• TASK PROMPT: The records below are to be written out exactly, with every picture omitted.

Top of EXERCISE DATA

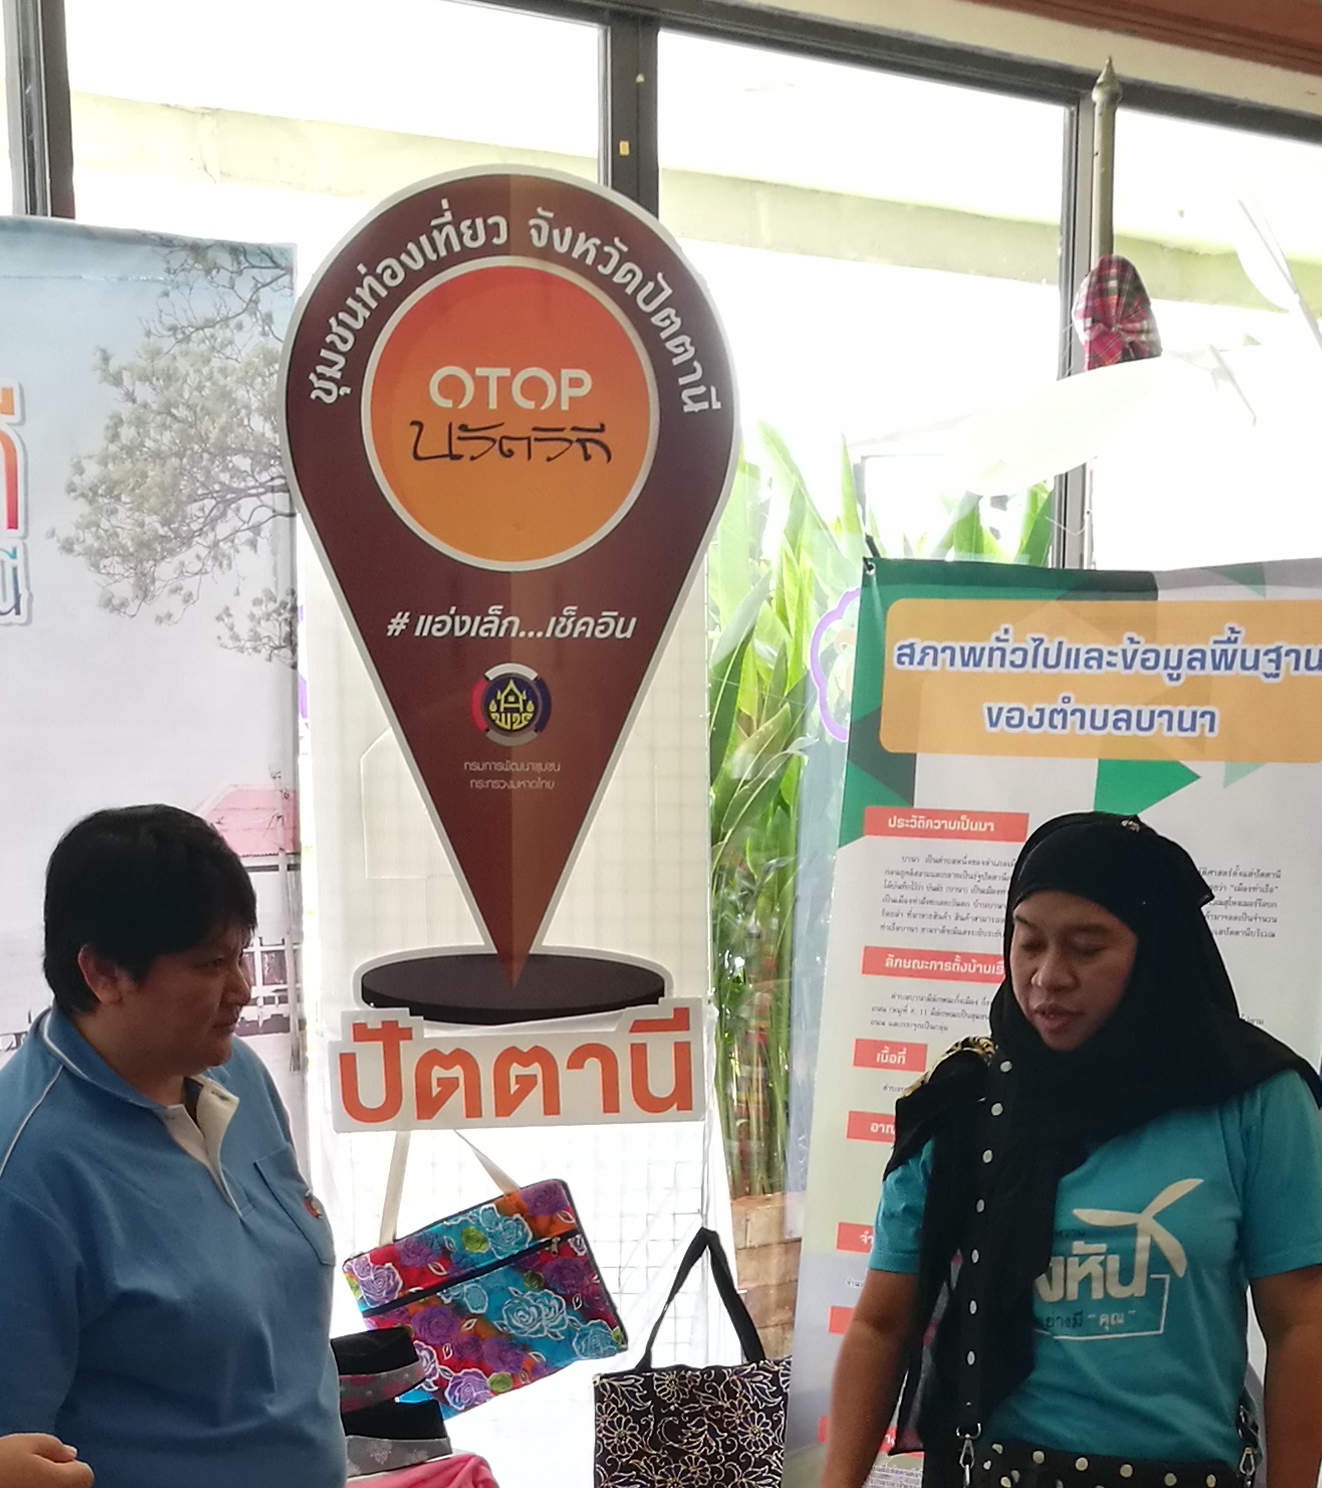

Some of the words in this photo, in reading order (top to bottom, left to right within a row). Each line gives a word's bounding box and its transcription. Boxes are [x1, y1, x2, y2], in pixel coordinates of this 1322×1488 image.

[310, 199, 508, 405] ชุมชนท่องเที่ยว
[528, 207, 722, 413] จังหวัดปัตตานี
[428, 365, 592, 411] OTOP
[985, 695, 1218, 735] ของตำบลบานา
[887, 815, 995, 832] ประวัติความเป็นมา
[885, 954, 1005, 976] ลักษณะการตั้งบ้านเรื
[338, 1006, 693, 1124] ปัตตานี
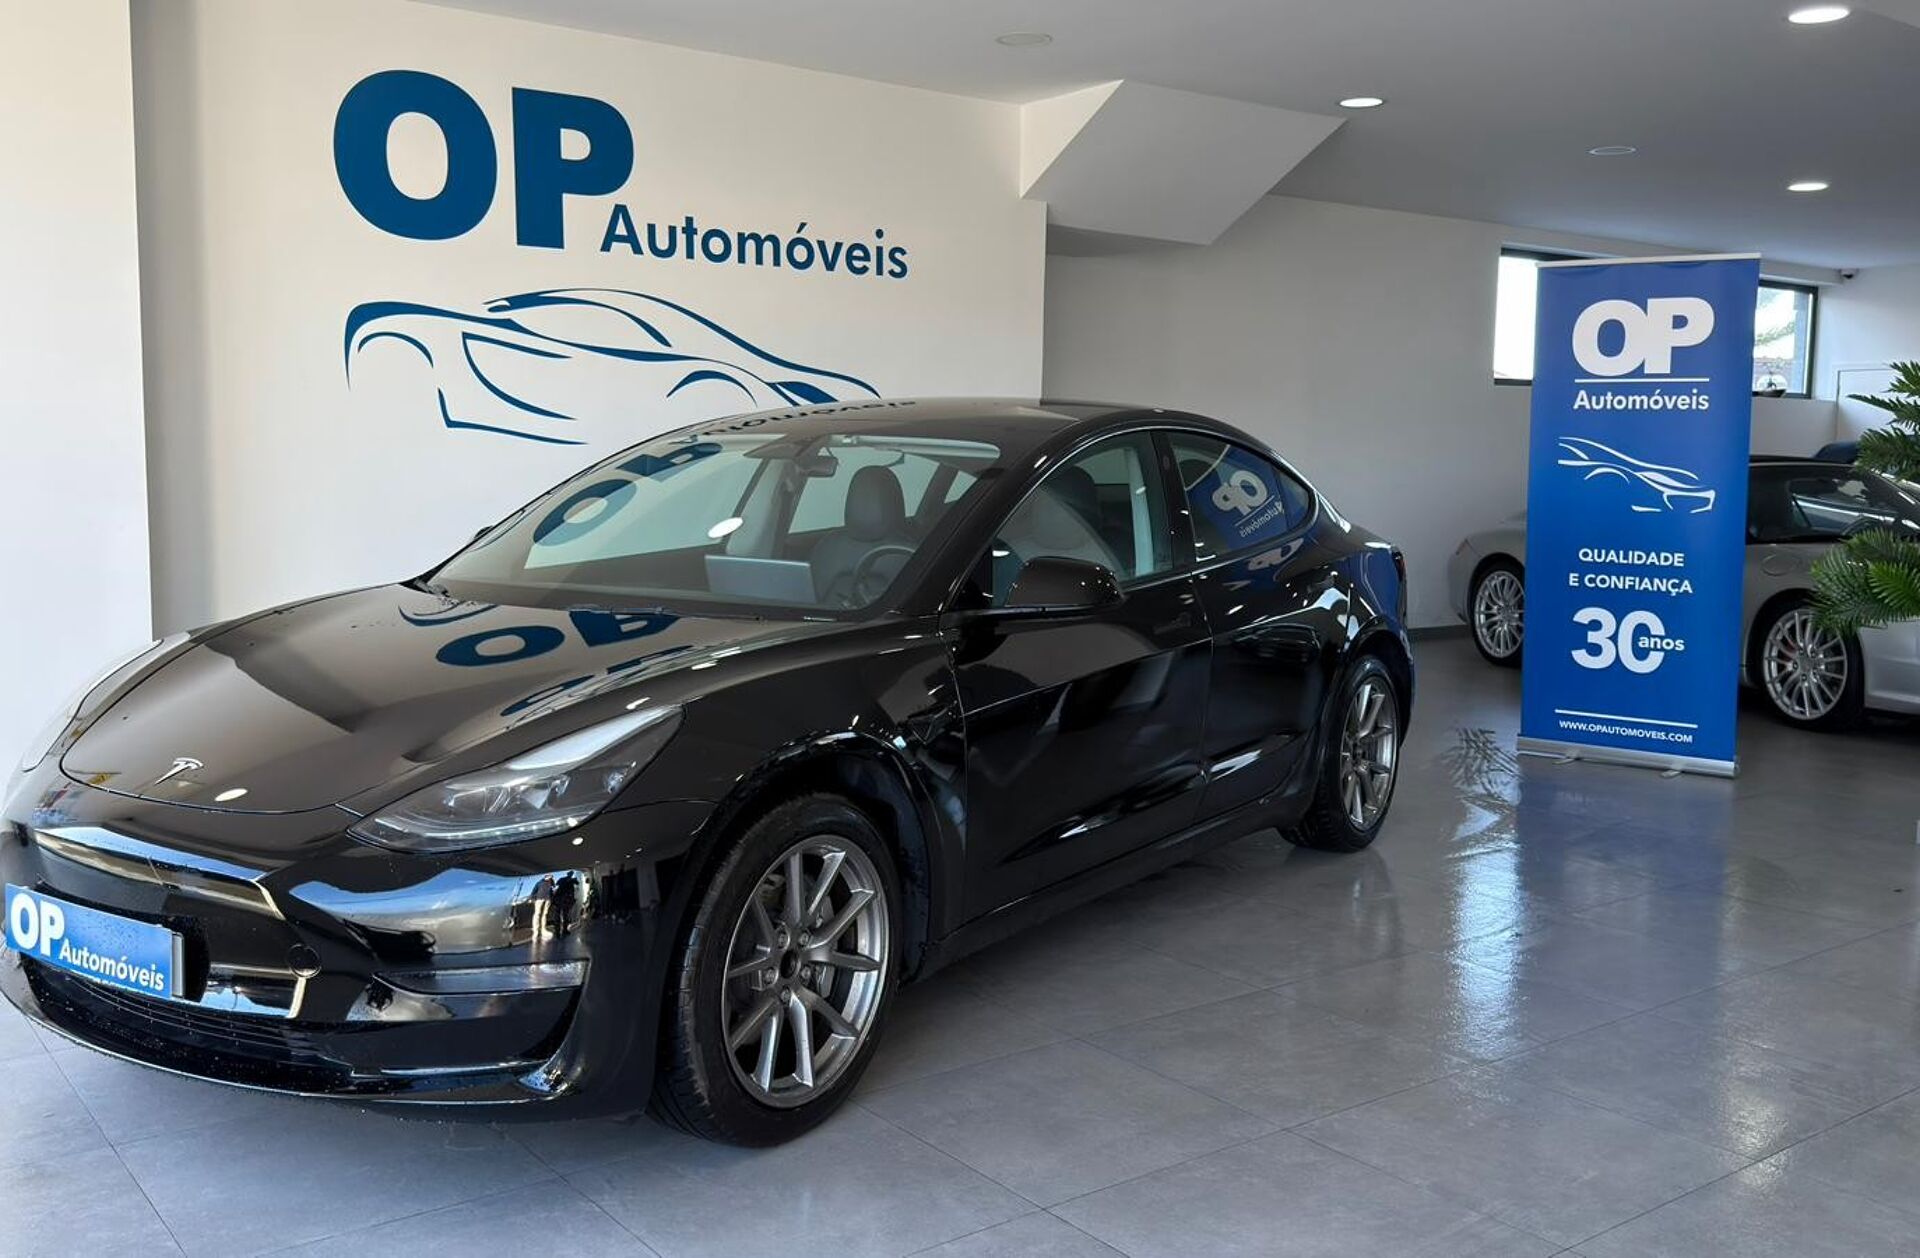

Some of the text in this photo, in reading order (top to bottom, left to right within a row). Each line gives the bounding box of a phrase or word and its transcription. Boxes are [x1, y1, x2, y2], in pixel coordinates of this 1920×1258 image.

[333, 69, 909, 280] OP Automóveis
[1572, 297, 1715, 377] OP
[1573, 389, 1710, 411] Automóveis
[1578, 548, 1685, 567] QUALIDADE
[1568, 572, 1693, 596] E CONFIANÇA
[1571, 606, 1685, 675] 30 anos
[1558, 719, 1693, 744] WWW.OPAUTOMOVEIS.COM
[10, 892, 165, 992] OP Automóveis

Bottom of EXERCISE DATA

• ANSWER FOR THE TASK:
Some of the words in this photo, in reading order (top to bottom, left to right within a row). Each line gives a word's bounding box and its transcription. Boxes are [x1, y1, x2, y2], in pixel coordinates of this 1322×1488 image.

[310, 199, 508, 405] ชุมชนท่องเที่ยว
[528, 207, 722, 413] จังหวัดปัตตานี
[428, 365, 592, 411] OTOP
[985, 695, 1218, 735] ของตำบลบานา
[887, 815, 995, 832] ประวัติความเป็นมา
[885, 954, 1005, 976] ลักษณะการตั้งบ้านเรื
[338, 1006, 693, 1124] ปัตตานี

Some of the text in this photo, in reading order (top to bottom, left to right within a row). Each line gives the bounding box of a phrase or word and its transcription. Boxes are [x1, y1, x2, y2], in pixel coordinates of this 1920×1258 image.

[333, 69, 909, 280] OP Automóveis
[1572, 297, 1715, 377] OP
[1573, 389, 1710, 411] Automóveis
[1578, 548, 1685, 567] QUALIDADE
[1568, 572, 1693, 596] E CONFIANÇA
[1571, 606, 1685, 675] 30 anos
[1558, 719, 1693, 744] WWW.OPAUTOMOVEIS.COM
[10, 892, 165, 992] OP Automóveis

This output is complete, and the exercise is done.